Self-Worth and Psychotherapy: Developing Inner Authority

 Self Worth and Psychotherapy: Inner Authority: rising through barriers to bloom as yourself
A foundational recovery reflection

A note to readers

I wrote this article, "Self-worth and Psychotherapy," years ago, during a period when many people were first encountering affirmations as a means to change how they felt about themselves. At the time, the language mattered. It still does. What has changed is my understanding of how self-worth and psychotherapy actually work together over time.

I now see these statements less as words to repeat and more as moments of psychological friction. They bring resistance to the surface. They show where fear persists and where inner authority has been disrupted. I have kept this article largely intact because it reflects that learning curve and because some readers still find it helpful when read as a reflection rather than a rule.

Self-worth and the work of psychotherapy

In my psychotherapy practice, I often meet women who have spent years doubting themselves without realizing how thoroughly that doubt has shaped their lives. They come in tired. Careful. Accomplished in many ways, yet uncertain when it comes to their own needs, judgments, and sense of self-respect.

This is where self-worth and psychotherapy meet. Therapy does not impose confidence. It creates a space where a woman can begin to notice how her inner life has been shaped by early relationships, cultural expectations, and experiences that required self-erasure.

Sometimes, a simple self-statement can interrupt that pattern. Not because it is true in any absolute sense, but because it introduces a pause in a long-standing internal dynamic.

Statements like:

I am worthy of respect.
My needs matter.
I am allowed to choose based on what I value.

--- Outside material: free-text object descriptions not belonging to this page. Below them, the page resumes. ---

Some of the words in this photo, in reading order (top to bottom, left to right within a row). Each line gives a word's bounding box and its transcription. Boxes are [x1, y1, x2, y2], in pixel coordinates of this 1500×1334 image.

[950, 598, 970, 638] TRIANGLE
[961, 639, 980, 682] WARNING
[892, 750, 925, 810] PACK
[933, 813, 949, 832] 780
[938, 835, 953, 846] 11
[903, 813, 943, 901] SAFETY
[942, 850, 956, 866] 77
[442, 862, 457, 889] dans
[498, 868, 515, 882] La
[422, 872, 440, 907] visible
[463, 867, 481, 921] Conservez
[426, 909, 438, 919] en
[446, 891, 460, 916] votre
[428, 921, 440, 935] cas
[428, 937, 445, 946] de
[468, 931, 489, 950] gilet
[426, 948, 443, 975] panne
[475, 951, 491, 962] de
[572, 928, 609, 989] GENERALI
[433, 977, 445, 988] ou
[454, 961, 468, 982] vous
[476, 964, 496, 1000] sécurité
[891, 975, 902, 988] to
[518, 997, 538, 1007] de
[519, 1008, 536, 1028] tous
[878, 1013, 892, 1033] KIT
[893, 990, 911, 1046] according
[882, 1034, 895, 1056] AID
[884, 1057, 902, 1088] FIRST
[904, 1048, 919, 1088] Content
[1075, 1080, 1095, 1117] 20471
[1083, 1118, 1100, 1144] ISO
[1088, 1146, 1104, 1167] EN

do not erase history. They do not dissolve grief or undo harm. What they can do is interrupt an inner critic that has long insisted on compliance, perfection, or self-sacrifice as the cost of safety.

See: 

Where limiting beliefs take root

Most limiting beliefs are not chosen. They are learned early, often quietly, through family roles, attachment patterns, and cultural messages about gender, value, and obedience.

Beliefs such as:

I am only valuable when I take care of others.
I should not ask for too much.
I need to be perfect to be loved.

often began as adaptations. They helped a child survive emotionally, avoid rejection, or maintain connection. Over time, these adaptations hardened into internal rules that now restrict self-worth and undermine agency.

Depth psychotherapy helps uncover how these beliefs formed and how they continue to operate. Rather than arguing with them, therapy examines what they once protected and what they now cost.

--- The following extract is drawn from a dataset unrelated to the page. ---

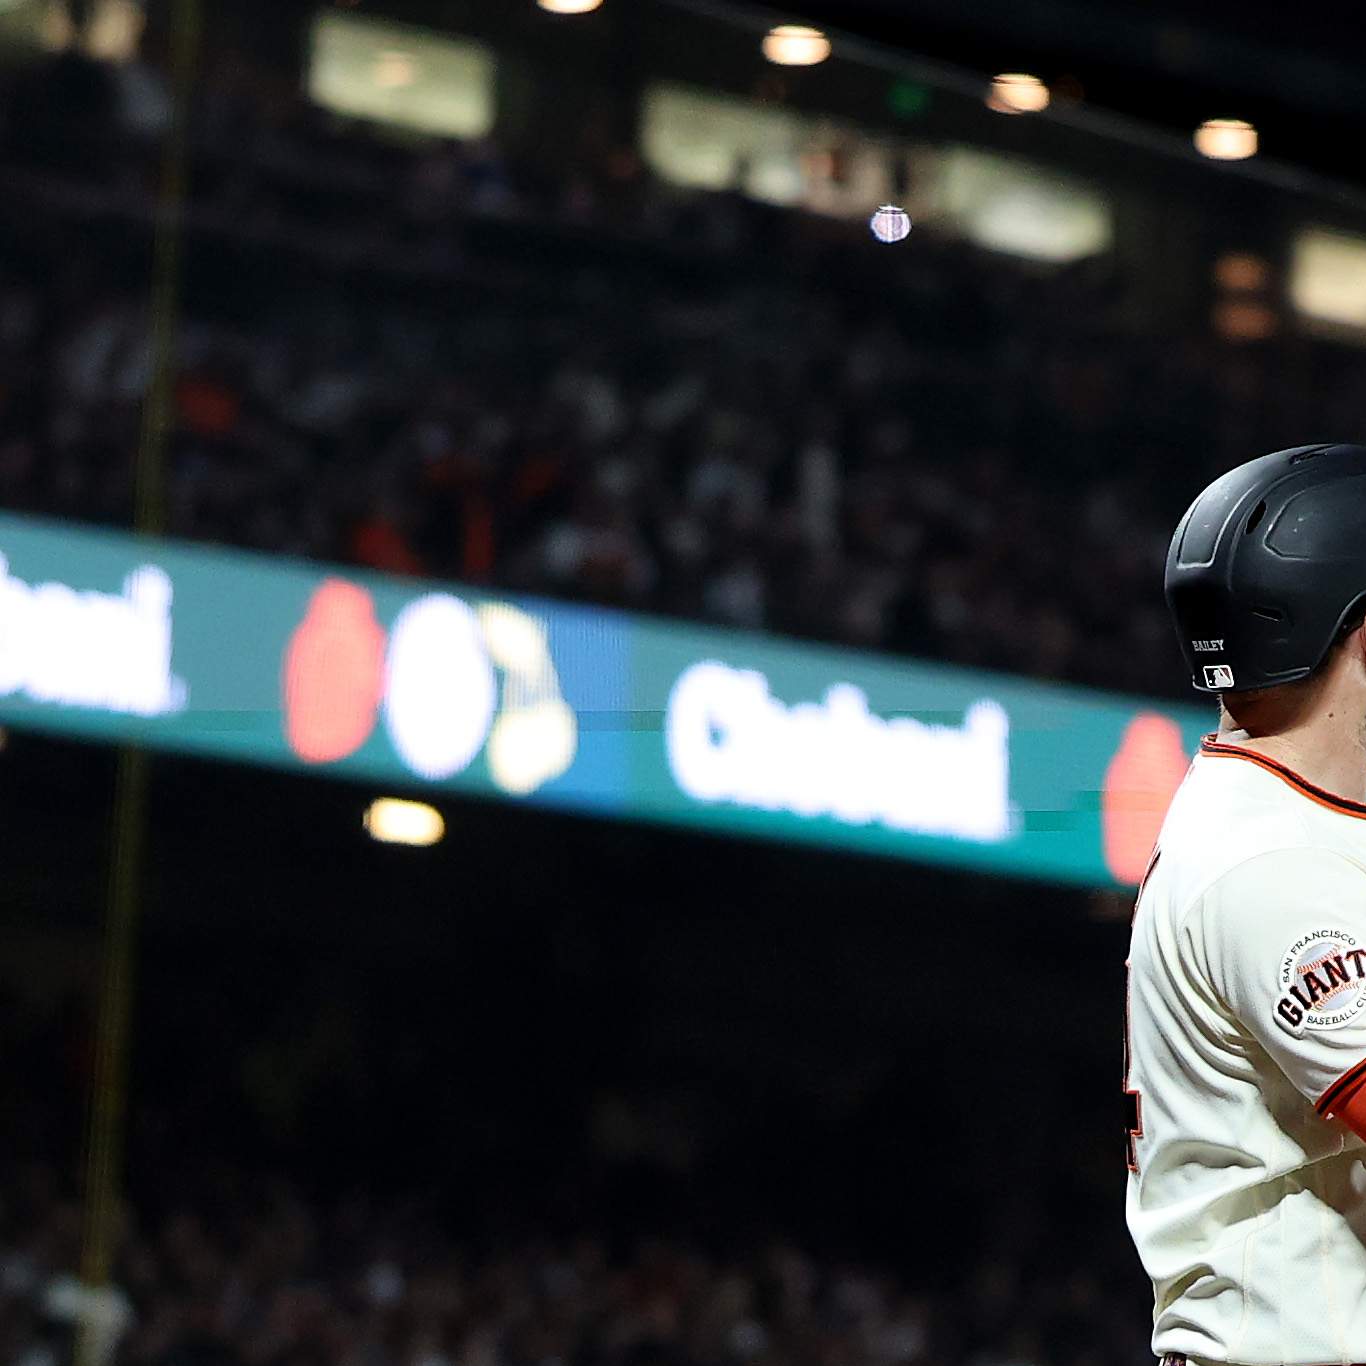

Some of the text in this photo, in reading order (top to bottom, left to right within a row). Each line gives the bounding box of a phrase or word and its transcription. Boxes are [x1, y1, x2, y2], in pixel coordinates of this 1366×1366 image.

[1191, 639, 1224, 651] BAILEY
[1282, 929, 1357, 983] SAN FRANCISCO
[1306, 1009, 1358, 1025] BASEBALL
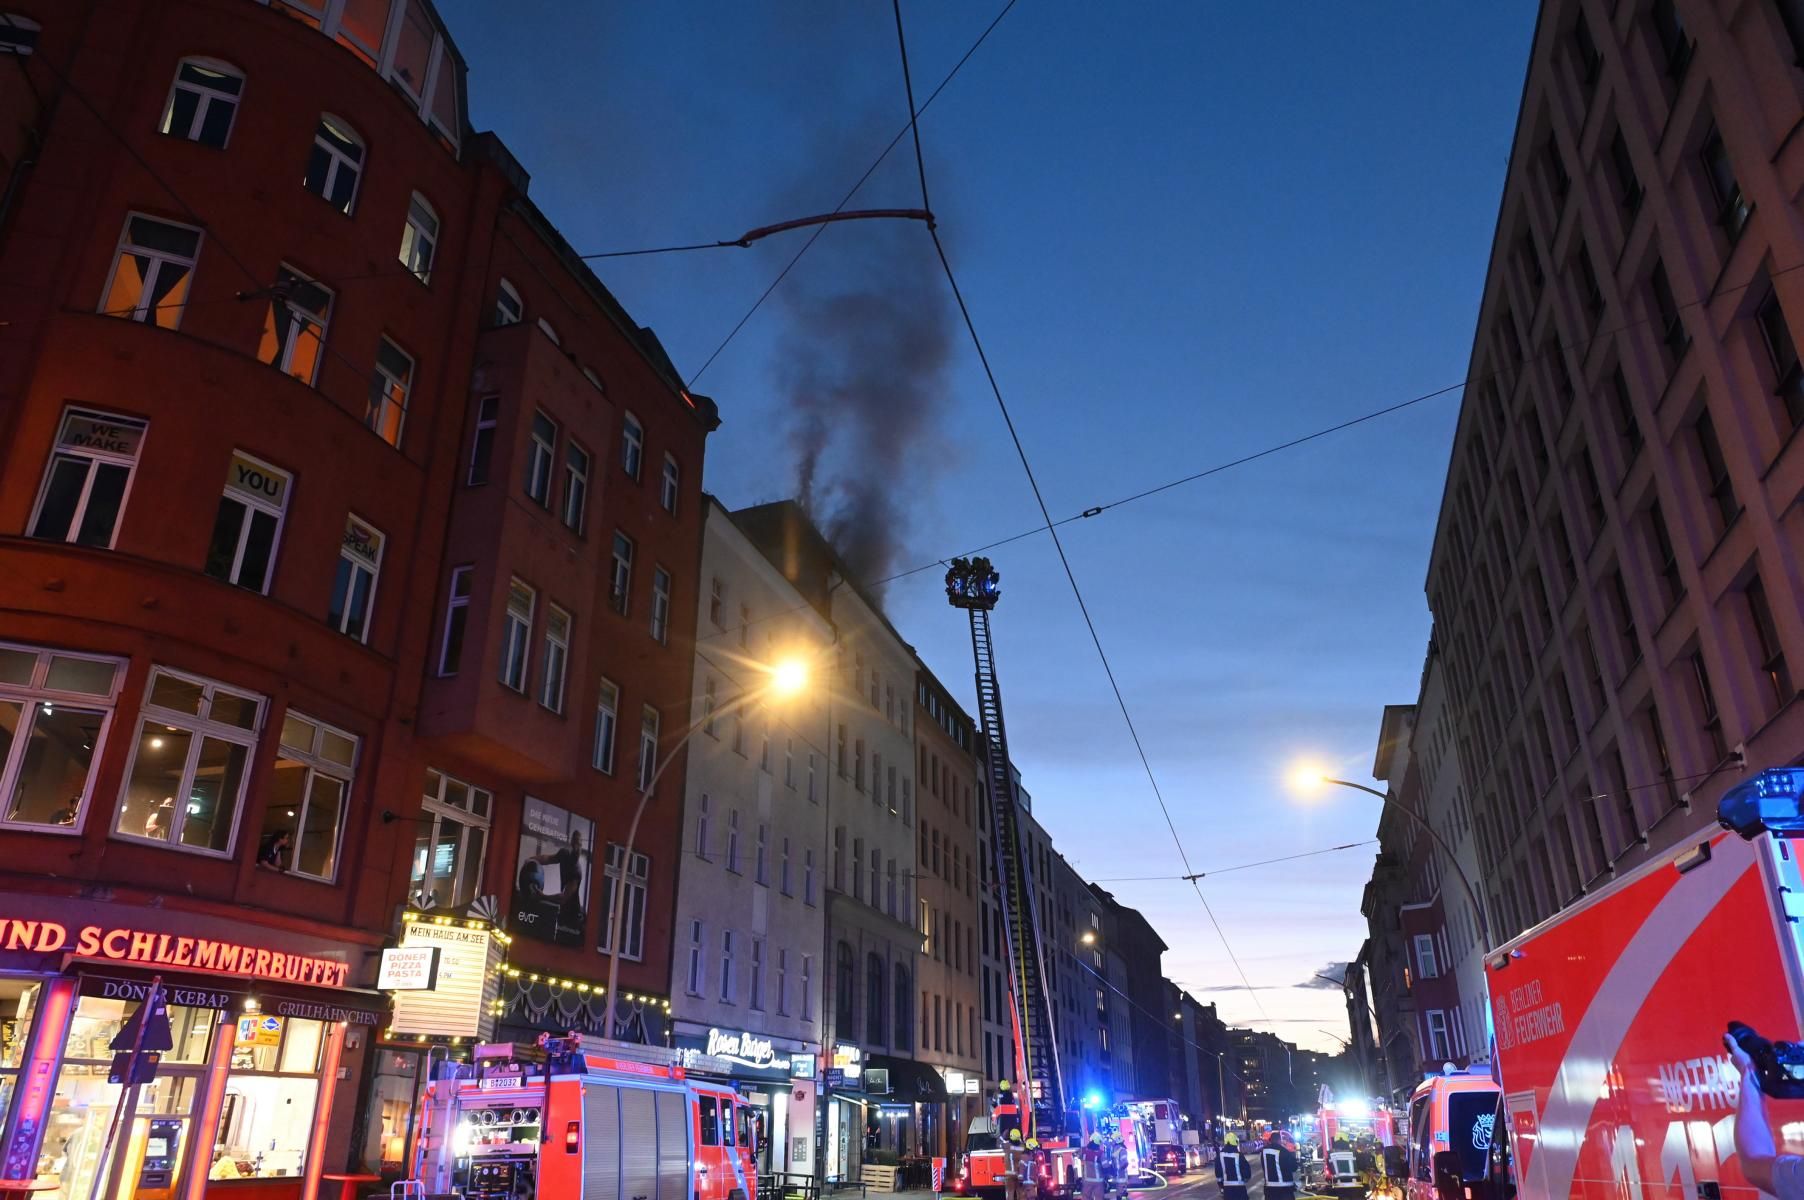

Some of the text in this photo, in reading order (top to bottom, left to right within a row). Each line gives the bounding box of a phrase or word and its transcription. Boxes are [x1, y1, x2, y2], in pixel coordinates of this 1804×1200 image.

Inner critic recovery and borrowed authority

The inner critic rarely speaks in its own voice. It borrows language from authority figures past and present.

I hear echoes like:

You are not ready.
You should defer.
Do not make trouble.
Let someone else decide.

These voices may come from professionals, partners, employers, or family members. When they align with an internal belief in one’s own inadequacy, compliance can feel inevitable. Inner-critic recovery begins by recognizing that these voices are learned, not inherent.

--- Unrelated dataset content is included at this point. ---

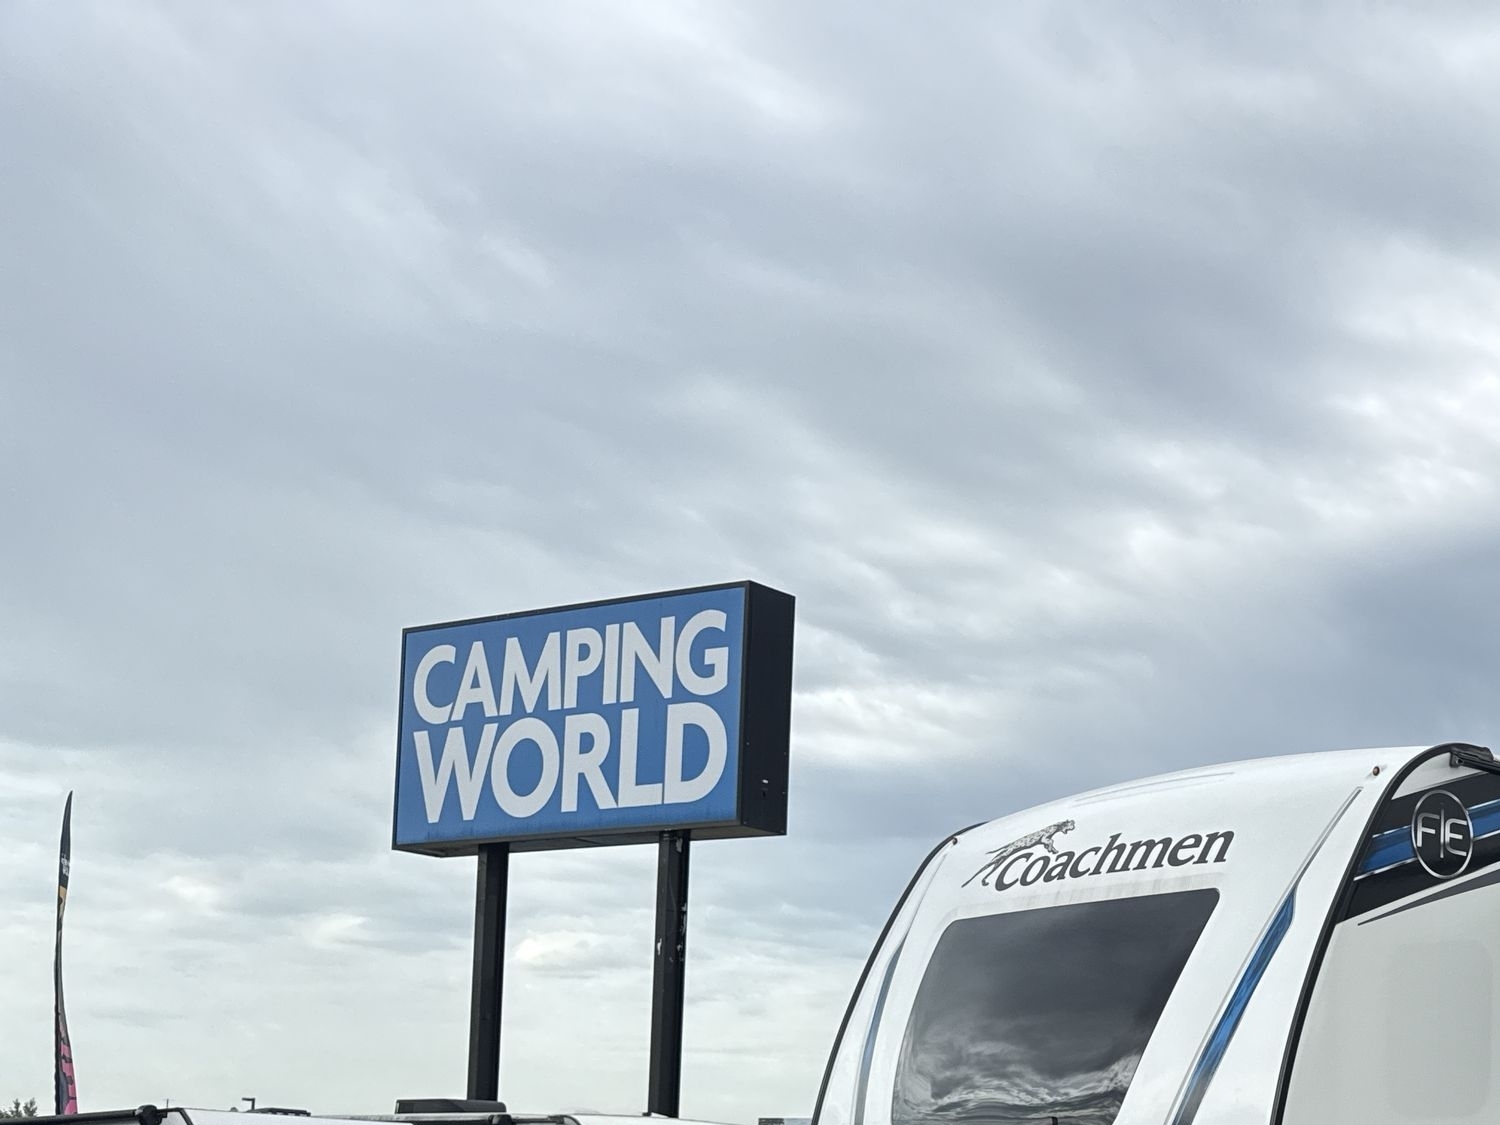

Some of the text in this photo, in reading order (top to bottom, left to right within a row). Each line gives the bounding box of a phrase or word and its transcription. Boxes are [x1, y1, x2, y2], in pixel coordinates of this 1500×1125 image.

[413, 609, 729, 724] CAMPING
[413, 702, 728, 823] WORLD
[995, 830, 1235, 892] Coachmen

Psychotherapy slows this process down. It helps a woman distinguish between guidance and subjugation, between caution and fear, between true limitation and inherited doubt.

See:  Reversing the Narcissist’s Gaze 

When discomfort appears

Many people report feeling uncomfortable when attempting to hold a statement such as “I deserve respect.” The discomfort can be sharp. It may show up as disbelief, irritation, or shame.

This reaction is not a failure of self-worth work. It is information.

Thoughts such as:

I am too old.
I am not good at that.
I should not speak.
I will embarrass myself.

often rise precisely because something new is pressing against an old structure. Awareness arrives first. Change follows later. In psychotherapy, this discomfort is explored rather than overridden. It points directly to the place where inner authority has been compromised.

Language can interrupt. Psychotherapy integrates.

Language alone does not create lasting change. What it can do is interrupt a familiar internal pattern long enough for choice to appear.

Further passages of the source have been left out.